ZIMBABWE - LETTER FROM THE DIASPORA !
12th December 2008.
Dear Friends,
Perhaps it is the tinted glasses that Mugabe is wearing these days that blind him to what is going on in the country he purports to rule. His declaration that "Cholera has been arrested" - nice choice of words there! - flies in the face of the facts. "If anything is certain in the chaos of Zimbabwe today it is that the cholera outbreak is not under control" says Save the Children Director. As the WHO announces the death toll from cholera at nearly 800, Mr Mugabe blithely assures the crowd gathered for the funeral of Elliot Manyika - another 'Hero' for Heroes Acre - that the cholera cause doesn't exist anymore. What is more he claims, it is his government, his doctors who have worked this miracle with the help of WHO. But it is not the appalling suffering of the people that is of paramount concern to Mugabe; what is really worrying him is the threat of military intervention. No cholera, no cause for invasion goes his argument.
Zimbabweans would not have been surprised by Mugabe's rhetoric at the funeral for the late unlamented Manyika. All week long his side kicks in government have been telling anyone who would listen that the situation was under control. "We have enough chemicals to purify the water. We have got enough foreign currency to buy pipes" announced Sikhanyiso Ndlovu on Wednesday.

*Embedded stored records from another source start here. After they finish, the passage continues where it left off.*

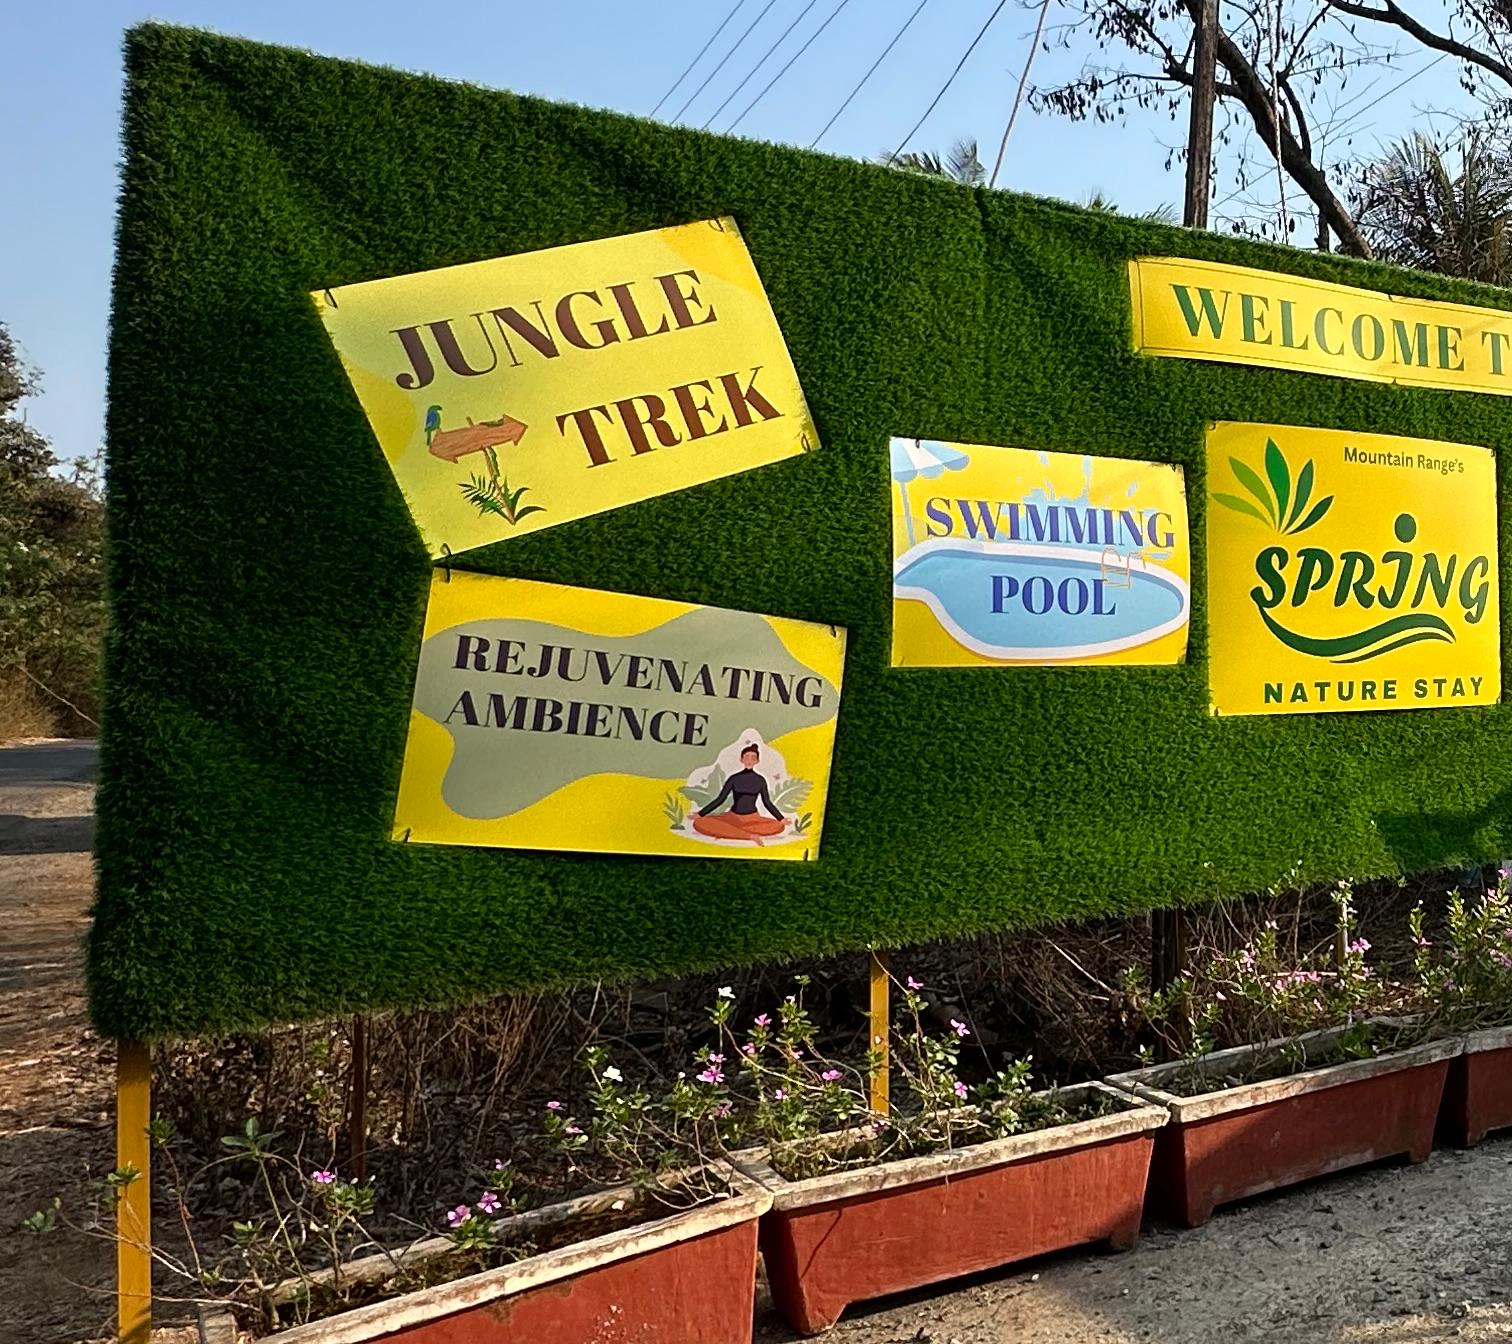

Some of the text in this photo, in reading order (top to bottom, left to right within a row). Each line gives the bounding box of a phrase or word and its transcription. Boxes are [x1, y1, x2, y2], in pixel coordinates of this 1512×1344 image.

[389, 269, 718, 391] JUNGLE
[1170, 282, 1466, 373] WELCOME
[555, 365, 785, 469] TREK
[1343, 446, 1465, 476] Mountain Range's
[925, 496, 1176, 549] SWIMMING
[989, 573, 1117, 616] POOL
[451, 633, 824, 709] REJUVENATING
[1263, 676, 1484, 705] NATURE STAY
[443, 689, 710, 748] AMBIENCE
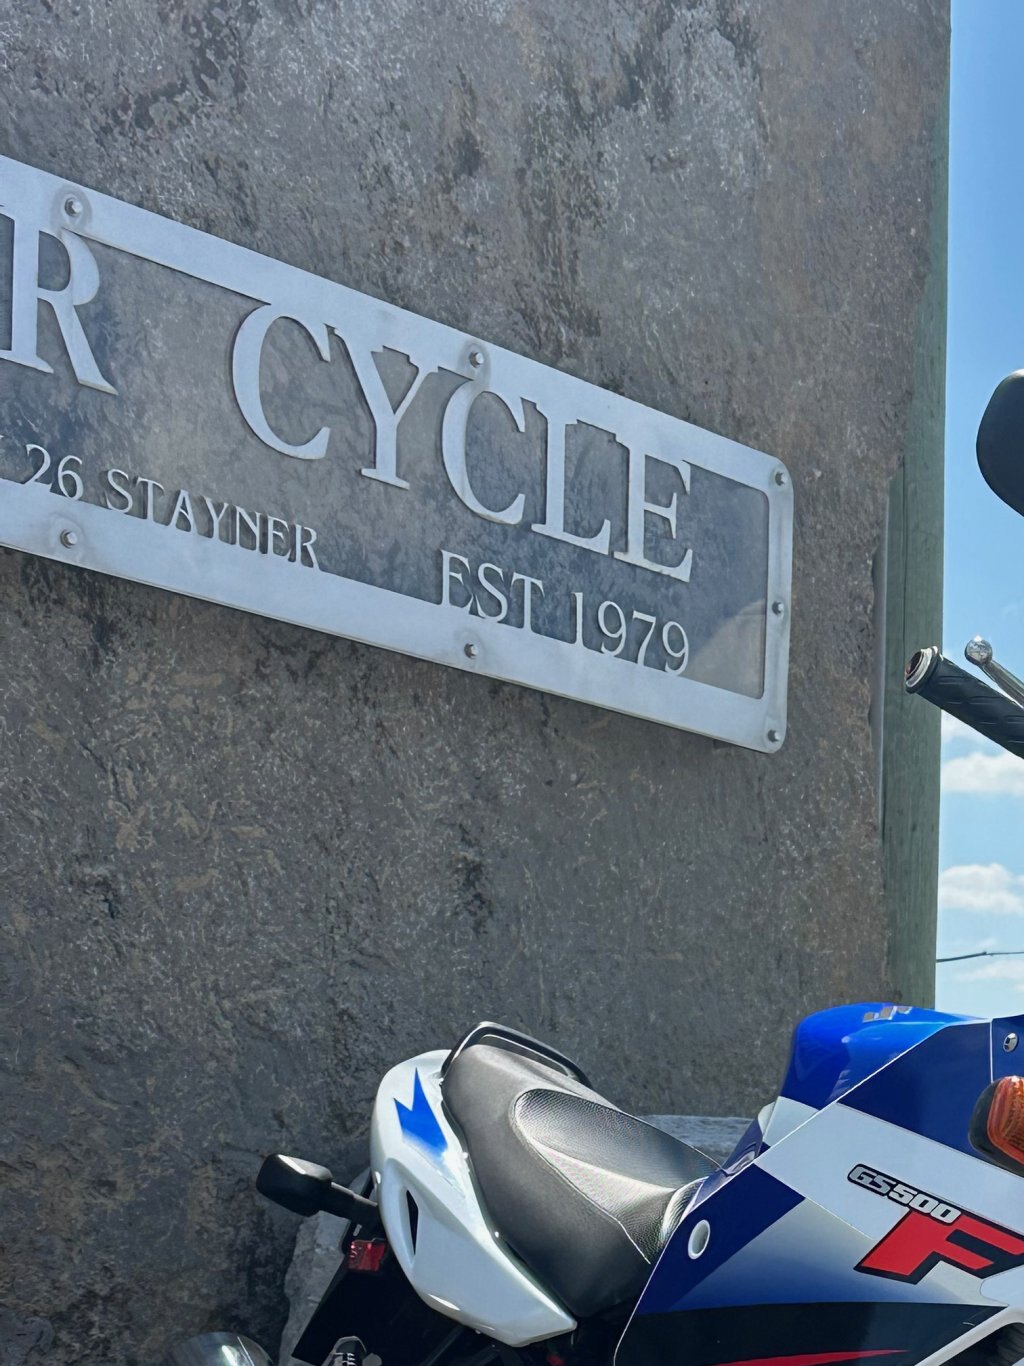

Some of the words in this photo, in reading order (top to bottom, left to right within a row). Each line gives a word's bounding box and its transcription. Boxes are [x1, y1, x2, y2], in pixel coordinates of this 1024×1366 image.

[231, 302, 692, 583] CYCLE
[25, 443, 84, 501] 26
[105, 468, 321, 571] STAYNER
[438, 549, 544, 632] EST
[573, 592, 690, 677] 1979
[847, 1163, 963, 1226] GS500

If that is true then why don't they just go ahead and do it we wonder? Why was the regime trying so hard to conceal the terrible truth of the cholera outbreak from the world. They know only too well that once the pictures of children playing in raw sewage and cholera victims with drips attached in dirty clinics and hospitals were beamed round the world, the international community would respond. It was not compassion for the victims, not pity for the dying children that the regime was concerned about, it was the world-wide call for military intervention that had the Mugabe regime rattled. With the usual breath-taking Zanu illogicality Ndlovu went on to claim, "After squeezing and strangling the country with sanctions and contaminating it with cholera and anthrax, the west is seeking to use the window of opportunity provided by the disaster to justify military intervention." Ndlovu was simply laying the ground for his master. Even the eventual declaration of cholera as a National Emergency had little to do with stopping the people's suffering; above all it was a way of getting the international community to fund the government's absolute failure to care for their own people. Cholera does not respect political divisions, it does not discriminate between Zanu and MDC supporters' it targets the poorest of the poor, the malnourished, the already sick from Aids and above all the children. Yet Mugabe says nothing of them; it is the attack on his own power base that worries him when the call goes out for military intervention. Watching him speak at Heroes Acre, seeing the banners proclaiming 'Brown's Cholera' it was not hard to sense his terror at what it would mean for him if the west carried out their threats. The very real prospect of his own downfall is staring him in the face; compared to that not even the prospect of hundreds of cholera deaths matters. He is fighting for survival and like a cornered rat he becomes ever more vicious as the end comes nearer.
Mugabe's problem is that no matter how hard he tries he can no longer conceal from the world the depth of the suffering his regime has wrought on the Zimbabwean people. Not a day has passed this week without the world's media covering some aspect of the Zimbabwean tragedy. The plight of the missing MDC activists and Jestina Mukoko in particular has featured in mass appeals to human rights activists around the world to raise their voices in protest at Mugabe's appalling human rights record. His regime may ignore court orders to the police to mount a search for the disappeared; the ZTV may ignore a court order to flight adverts showing Jestina as a Missing Person but he cannot hide the tragedy from the world. Only last night on British TV we saw Zimbabwean lawyers marching with their banners to protest the political abductions. We saw the brave Woza women once again demonstrating in Bulawayo and Harare where they managed to surprise the police who arrived too late with their water canons. Water! Now where did that come from we wondered and had the water been treated or was this yet another diabolical plot to rid the country of these troublesome Woza women. Imprisonment doesn't stop them from coming out on the streets, why not spray them with cholera infected water? Is that possible even for Zanu PF, I wonder? I keep thinking about Didymus Mutasa's words when the SADC Tribunal found in favour of the 75 white farmers . "There is nothing special about the 75 farmers" he said. But there is something special about them, not because they are white but because they are human beings. It is that basic humanity that seems to have been lost in Robert Mugabe's Zimbabwe where people have become no more than pawns in his political power games and not even children are exempted. What other explanation is there for the government's decision today, Friday, to refuse visas to a group of French water specialists if it is not that President Sarkozy has joined the chorus of world leaders calling for Mugabe's ouster if necessary by military means?
Yours in the (continuing) struggle PH.